Before we work out which dystopia is worst, it might be useful to define what exactly a dystopia is. According to the dictionary, a dystopia is “a society in which there is great suffering, typically one that is totalitarian or post-apocalyptic”. Some may say that we are already in a dystopia, but compared to apes revolting or aliens blowing us to smithereens, 2020 has not been that bad. It’s not as if we’ve run out of bog roll – or telly. Take Charlie Brooker, scoop out his brain, wire it up to a movie projector, dim the lights and you’ll really find out what dystopia is like.
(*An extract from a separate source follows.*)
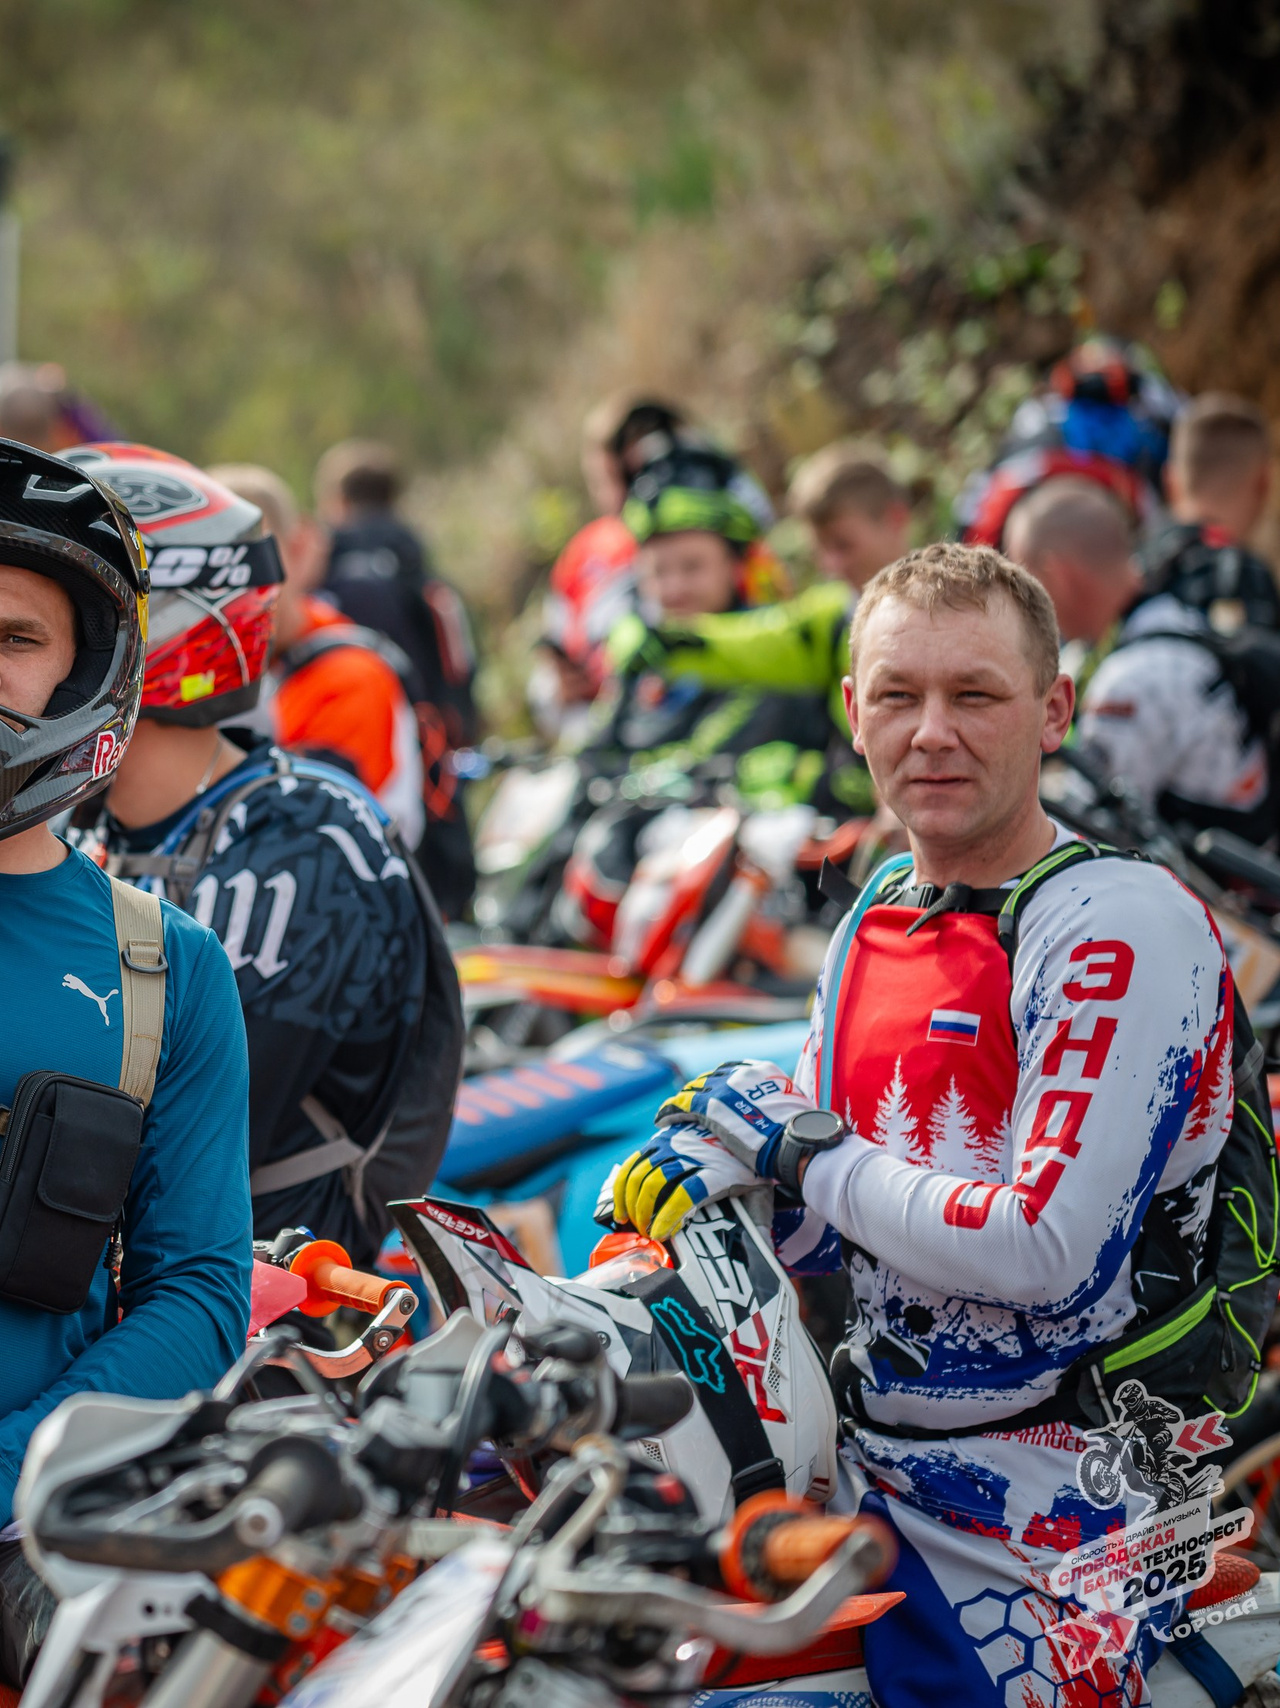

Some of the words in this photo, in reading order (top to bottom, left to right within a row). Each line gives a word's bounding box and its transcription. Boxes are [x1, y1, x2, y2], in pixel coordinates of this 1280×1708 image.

The Time Machine by HG Wells (1895) is widely regarded as the prototype of dystopian literature, but, er, that involves reading a book, whereas 2002’s The Time Machine has got Guy Pearce mucking about with time travel, so maybe watch that instead. You have witnessed hundreds of fictional dystopias already: Mad Max, Blade Runner, The Hunger Games, Interstellar, The Handmaid’s Tale, Black Mirror and Westworld are prime examples. Robots often feature, as in I, Robot, so too do deadly plagues, as in I Am Legend. So does Will Smith, for some reason.

Liam Hemsworth, Sam Clafin, Evan Ross and Jennifer Lawrence in The Hunger Games: Mockingjay, Part 2.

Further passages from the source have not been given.